Data for this exercise
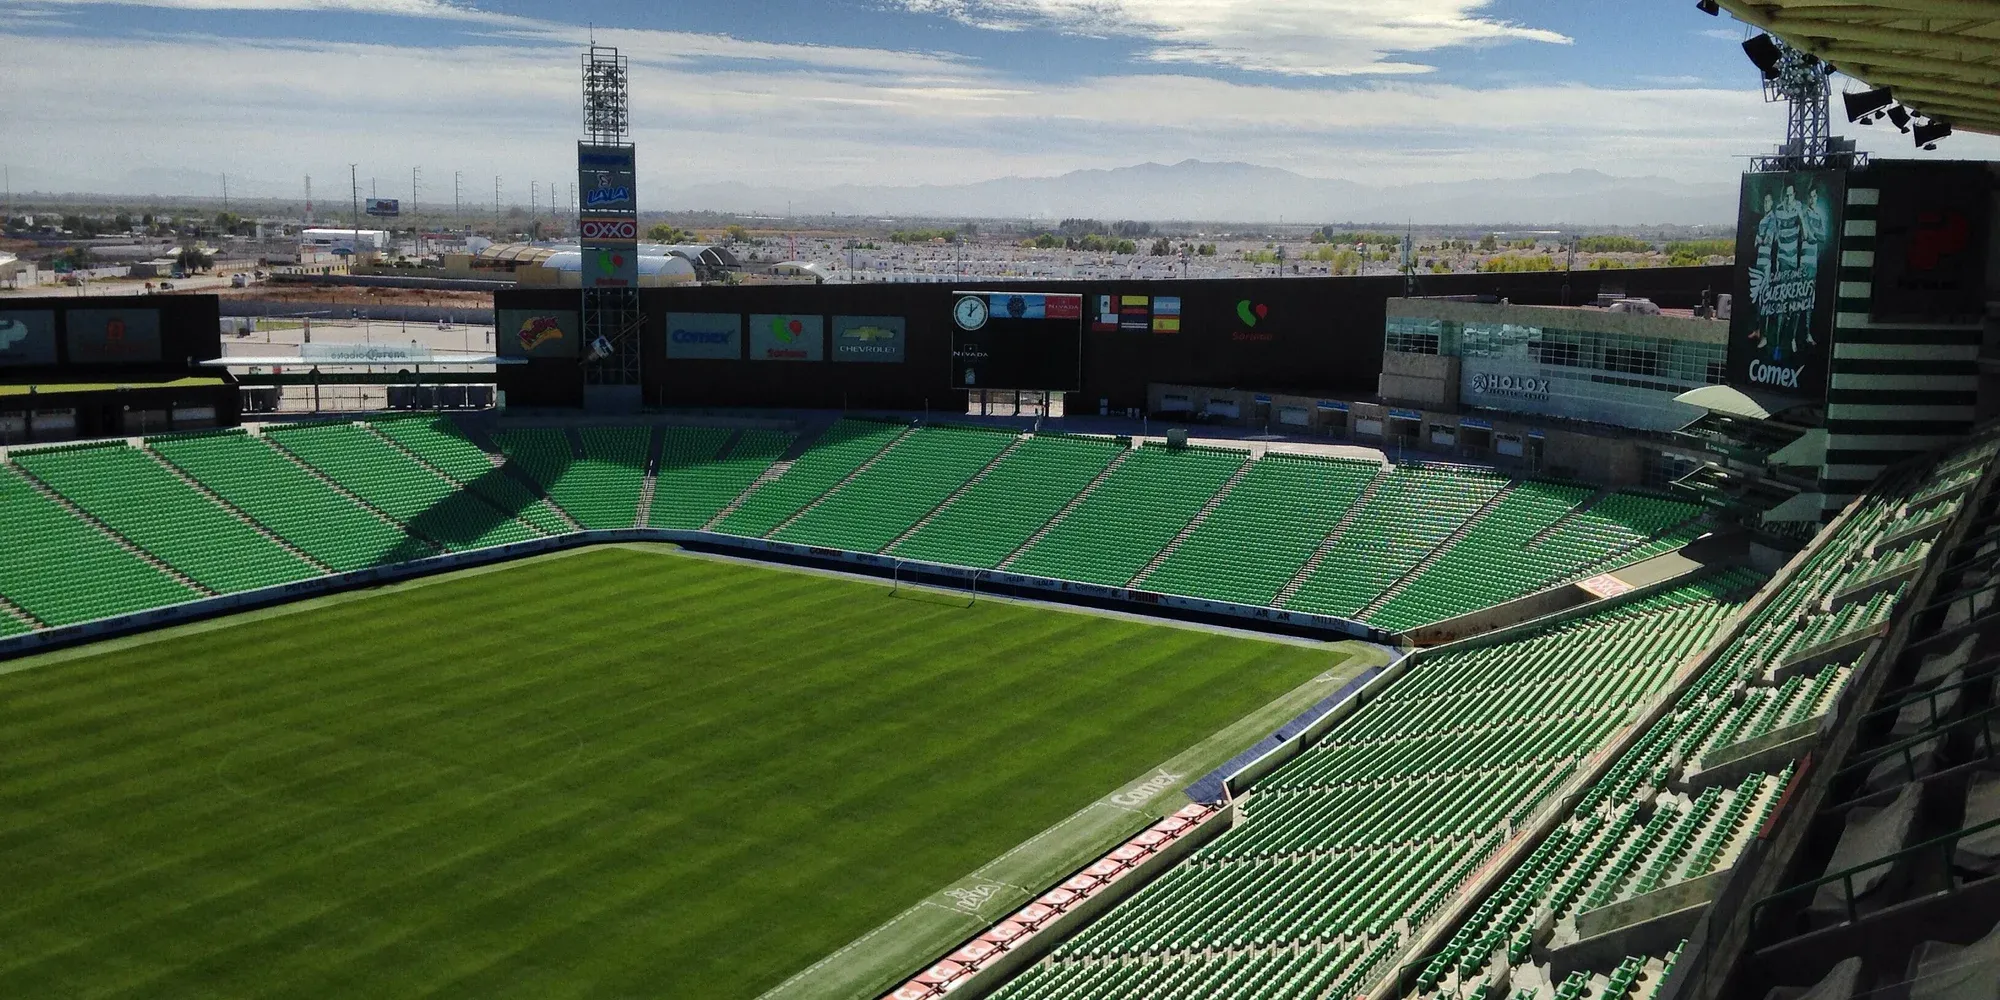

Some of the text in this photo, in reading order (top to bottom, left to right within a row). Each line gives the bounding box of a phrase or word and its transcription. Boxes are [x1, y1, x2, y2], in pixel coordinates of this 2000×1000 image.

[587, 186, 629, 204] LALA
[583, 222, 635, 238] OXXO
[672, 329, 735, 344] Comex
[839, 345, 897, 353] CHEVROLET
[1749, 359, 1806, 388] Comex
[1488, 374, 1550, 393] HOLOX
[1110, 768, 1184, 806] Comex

Exercise directions
Please output all of the entries above exactly, but without any picture.

Answer area
Some of the text in this photo, in reading order (top to bottom, left to right within a row). Each line gives the bounding box of a phrase or word and its transcription. Boxes are [x1, y1, x2, y2], in pixel coordinates of this 2000×1000 image.

[587, 186, 629, 204] LALA
[583, 222, 635, 238] OXXO
[672, 329, 735, 344] Comex
[839, 345, 897, 353] CHEVROLET
[1749, 359, 1806, 388] Comex
[1488, 374, 1550, 393] HOLOX
[1110, 768, 1184, 806] Comex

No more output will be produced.